Cantor's Diagonal Argument is a proof technique introduced by Georg Cantor in 1891 to show that the real numbers cannot be put into one-to-one correspondence with the natural numbers — that is, the reals are uncountably infinite, strictly larger in cardinality than the naturals. Assume for contradiction any list that purports to enumerate all real numbers between 0 and 1. Construct a new number by changing the first digit of the first number, the second digit of the second, and so on diagonally. This constructed number differs from every number in the list at some decimal place — and therefore cannot be in the list. The assumption that the list was complete is false.

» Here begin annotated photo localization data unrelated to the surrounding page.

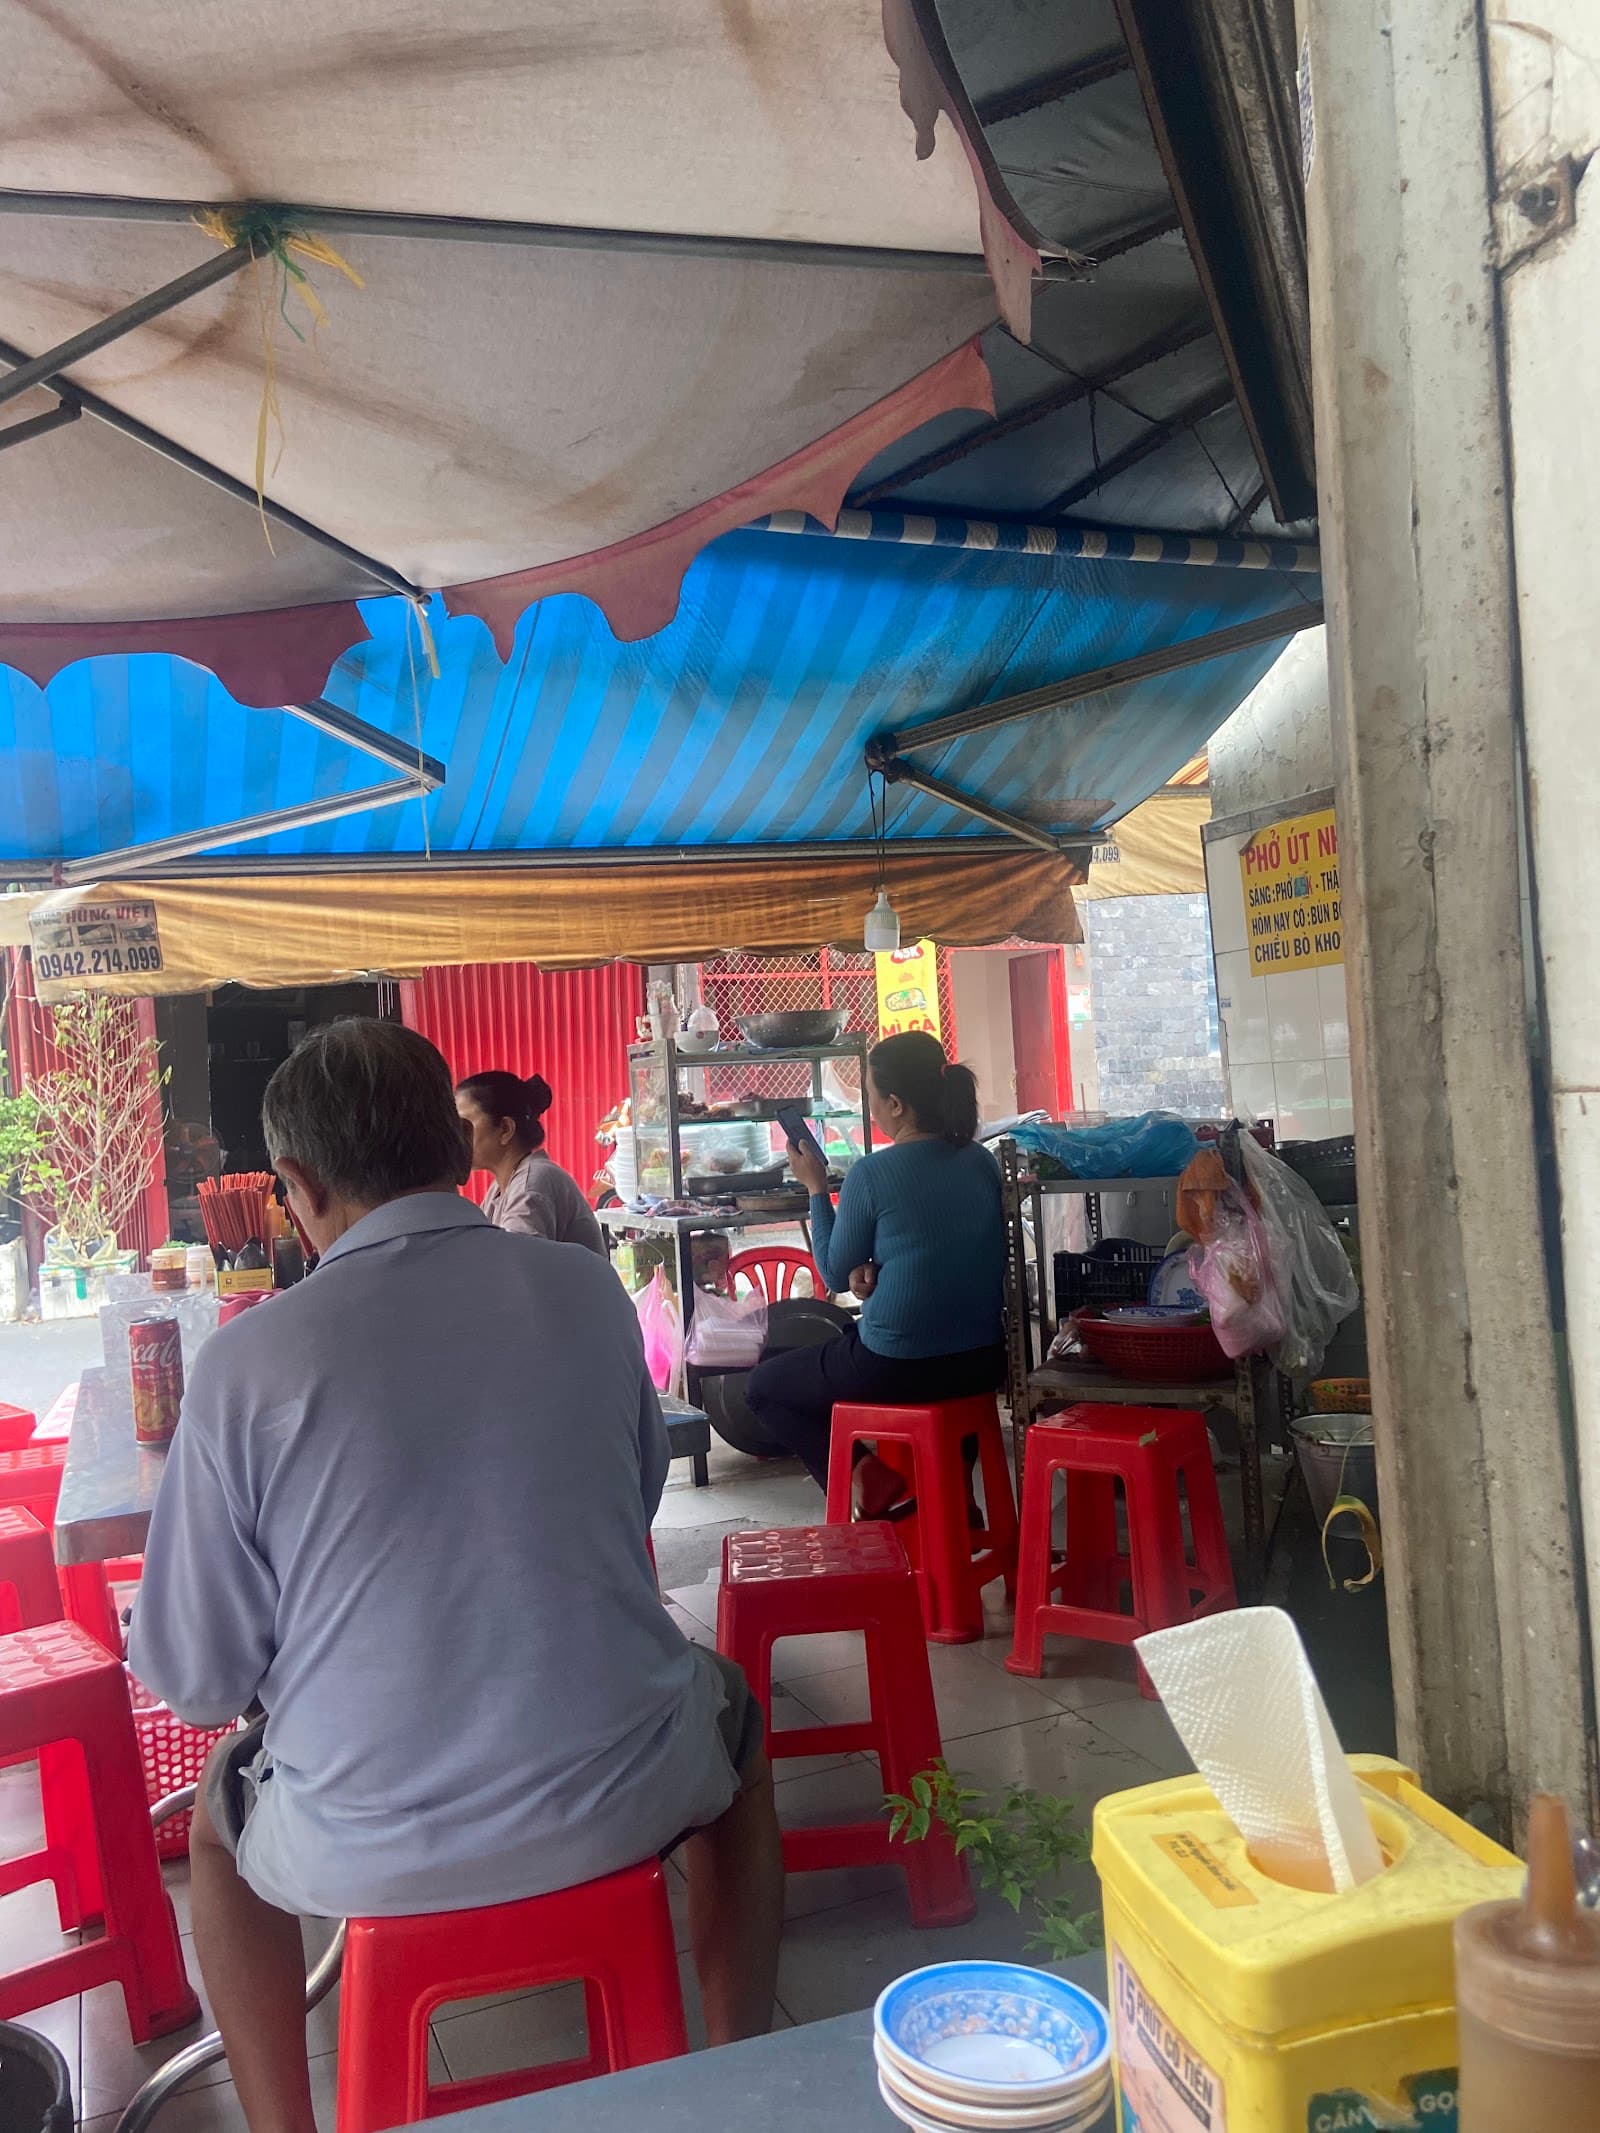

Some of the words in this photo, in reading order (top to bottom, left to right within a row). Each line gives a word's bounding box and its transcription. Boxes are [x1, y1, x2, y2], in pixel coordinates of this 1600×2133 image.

[1245, 829, 1281, 875] PHỞ
[1286, 827, 1310, 864] ÚT
[115, 905, 151, 922] VIỆT
[1274, 911, 1290, 933] NAY
[1254, 933, 1290, 963] CHIỀU
[1294, 931, 1311, 957] BÒ
[1315, 931, 1341, 953] KHO
[38, 945, 161, 979] 0942.214.099
[881, 1018, 902, 1038] MÌ
[1117, 1961, 1135, 2026] 15
[1418, 2091, 1456, 2116] GỌ
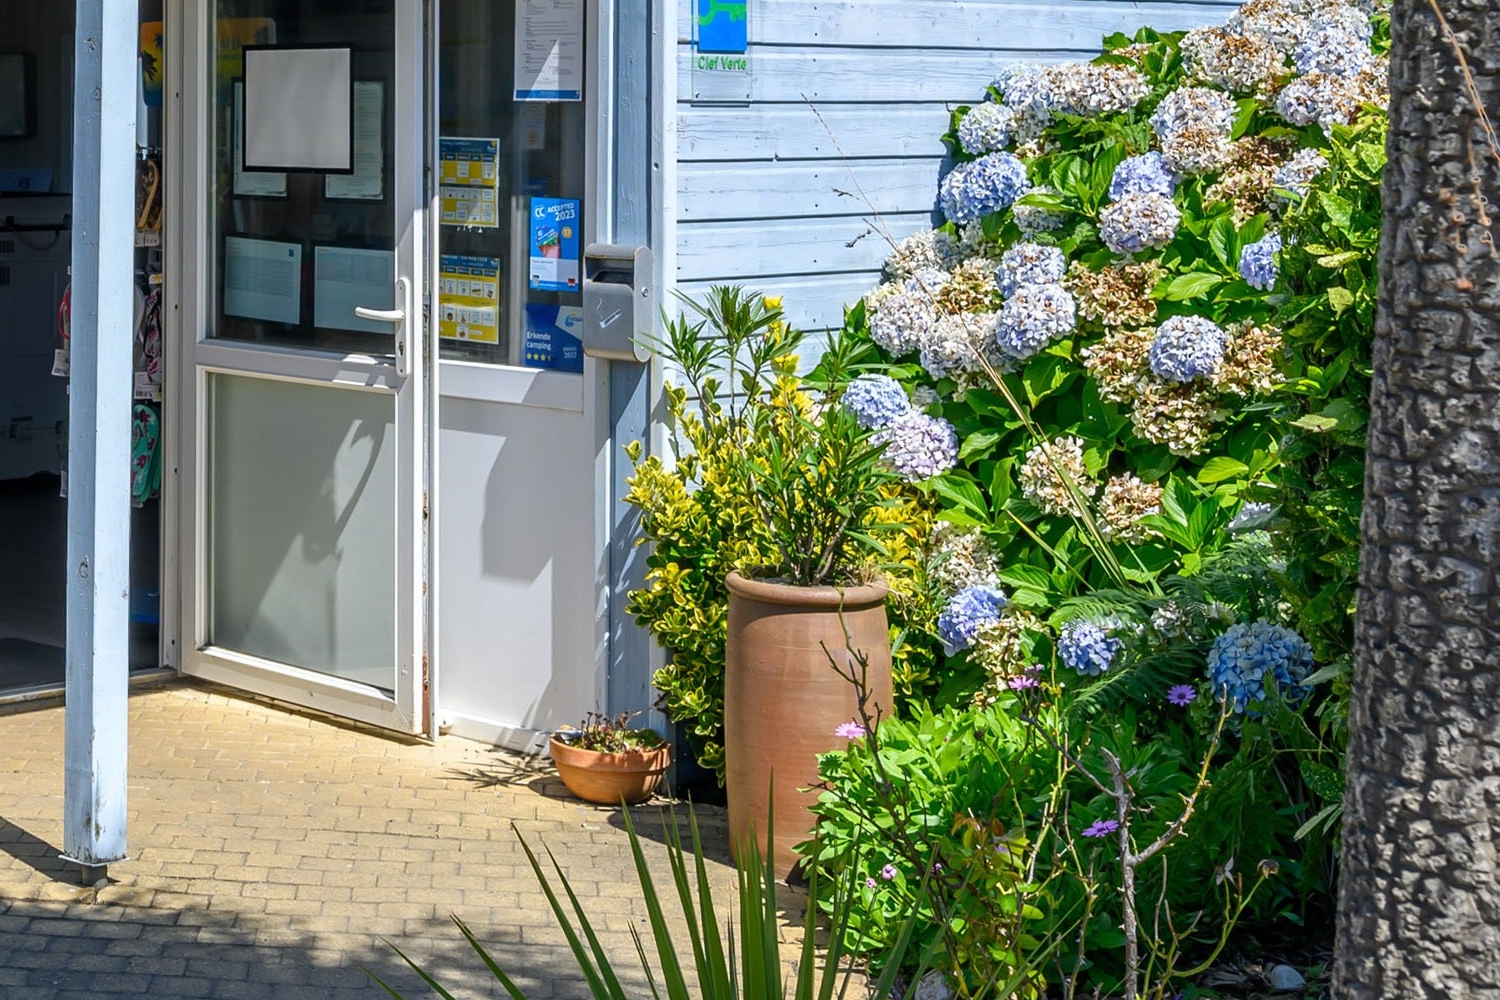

The argument is a masterpiece of mathematical economy: it proves a maximally general claim — no enumeration of the reals is complete — by construction rather than exhaustion. Every proposed listing refutes itself by generating its own missing element. The technique generalizes far beyond cardinality: the diagonal argument recurs in Gödel's incompleteness proofs, in Turing's proof that the halting problem is undecidable, and in Russell's paradox. These are not analogies; they are structural instances of a single argument form.

The uncomfortable implication: the diagonal argument is the foundational proof that mathematical truth outruns any systematic method for capturing it. Every consistent formal system is a list; every diagonal construction is a truth the list cannot contain.